Figure 5.3. Visualisation of single-cell qRT-PCR data using t-distributed stochastic neighbour embedding. (A)
t-SNE plot of all populations, calculated on the expression of 41 genes measured by qRT-PCR. The plot is coloured by sorting gate. HSC1 – purple, HSC2 – dark purple, HSC3 – pink, HSC4 – cyan, FSR-HSC1 – forest green, FSR- HSC2 – olive green; MPP – yellow green; PreMegE – dark brown; LMPP – blue; CMP – orange; MEP – red; GMP – yellow. (B) t-SNE plot of all populations, coloured by cell type. The four HSC populations are grouped together (purple) and the two FSR-HSC populations are grouped together (olive green). MPP – light blue, PreMegE – dark brown, LMPP – blue, CMP – yellow green; MEP – red; GMP – orange.
A disadvantage of t-SNE analysis is that it is a stochastic model, which means that while the overall conclusions from the analysis do not change, the t-SNE visualisation will be altered every time it is generated. It is therefore necessary to generate t-SNE plots multiple times to confirm that structure of the dataset is reproducible, and then set the seed parameter to be able to reproduce the same figure every time. Furthermore, both PCA and t-SNE dimensionality reduction methods are
designed to detect differences in the data rather than continuous relationships (Haghverdi, Buettner, and Theis 2015). As haematopoiesis involves the differentiation of an HSC towards a mature cell fate while passing through intermediate progenitor phenotypes, it would be beneficial to visualise the data using a dimensionality-reduction method that is better able to determine more complex structures in the data. Diffusion maps use the length of diffusion-like random walks through the data in high-dimensional space to determine a projection of the cells, and have been adapted to successfully display single-cell data (Coifman et al. 2005).

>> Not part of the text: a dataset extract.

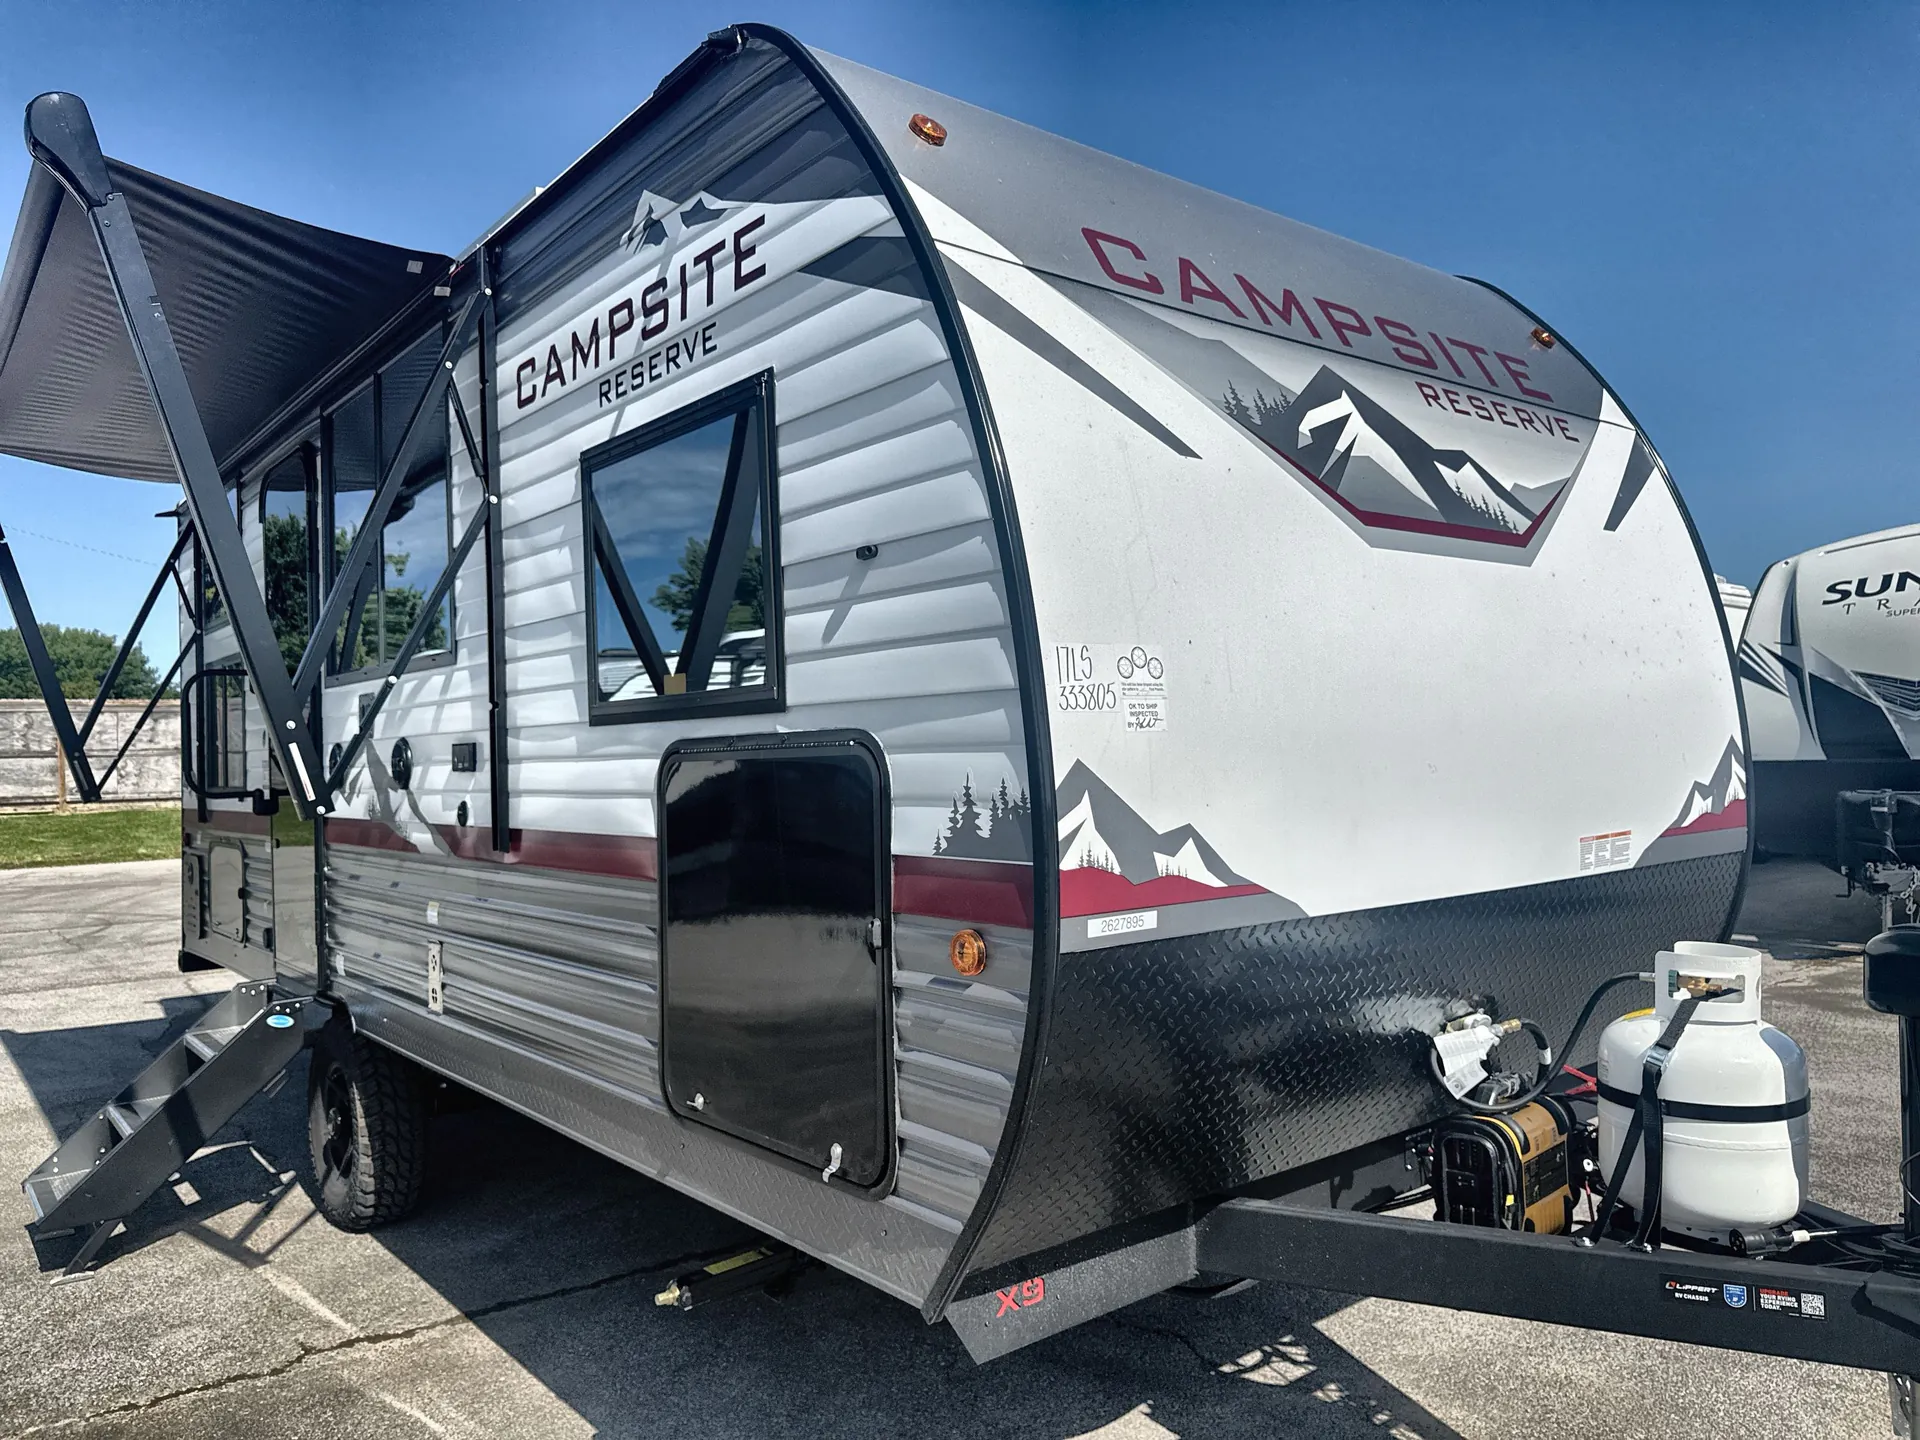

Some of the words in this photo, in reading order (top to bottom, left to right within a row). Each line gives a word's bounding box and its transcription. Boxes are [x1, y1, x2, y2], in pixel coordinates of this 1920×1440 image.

The qRT-PCR data was visualised on a diffusion map (Fig. 5.4). As in the PCA and t-SNE plots, the HSCs sat at the top of the structure and HSC1 showed the most disperse expression pattern of the four HSC sorting strategies. Furthermore, the diffusion map recapitulated the pattern seen in the t-SNE plot, in which HSC4 was most distinct from the four HSC sorting strategies (Fig. 5.4A). When the HSC and FSR-HSC populations are coloured together, it is easier to visualise that the structure roughly segregated the cells into two projections, separating MEPs and LMPPs (Fig. 5.4B). The LMPPs were located closer to the FSR-HSCs than the MEPs, suggesting their gene expression was closer to that of the early progenitors. The distinct gene expression of PreMegEs and MEPs was more clearly visualised in the diffusion map than using the other methods.
Figure 5.4. Visualisation of single-cell qRT-PCR data using diffusion maps. (A) Diffusion map of all populations
calculated on the expression of 41 genes measured by qRT-PCR. The plot is coloured by sorting gate. HSC1 – purple, HSC2 – dark purple, HSC3 – pink, HSC4 – cyan, FSR-HSC1 – forest green, FSR-HSC2 – olive green; MPP – yellow green; PreMegE – dark brown; LMPP – blue; CMP – orange; MEP – red; GMP – yellow. (B) Diffusion map of all populations coloured by cell type. The four HSC populations are grouped together (purple) and the two FSR-HSC populations are grouped together (olive green). MPP – light blue, PreMegE – dark brown, LMPP – blue, CMP – yellow green; MEP – red; GMP – orange. DC: Diffusion Component.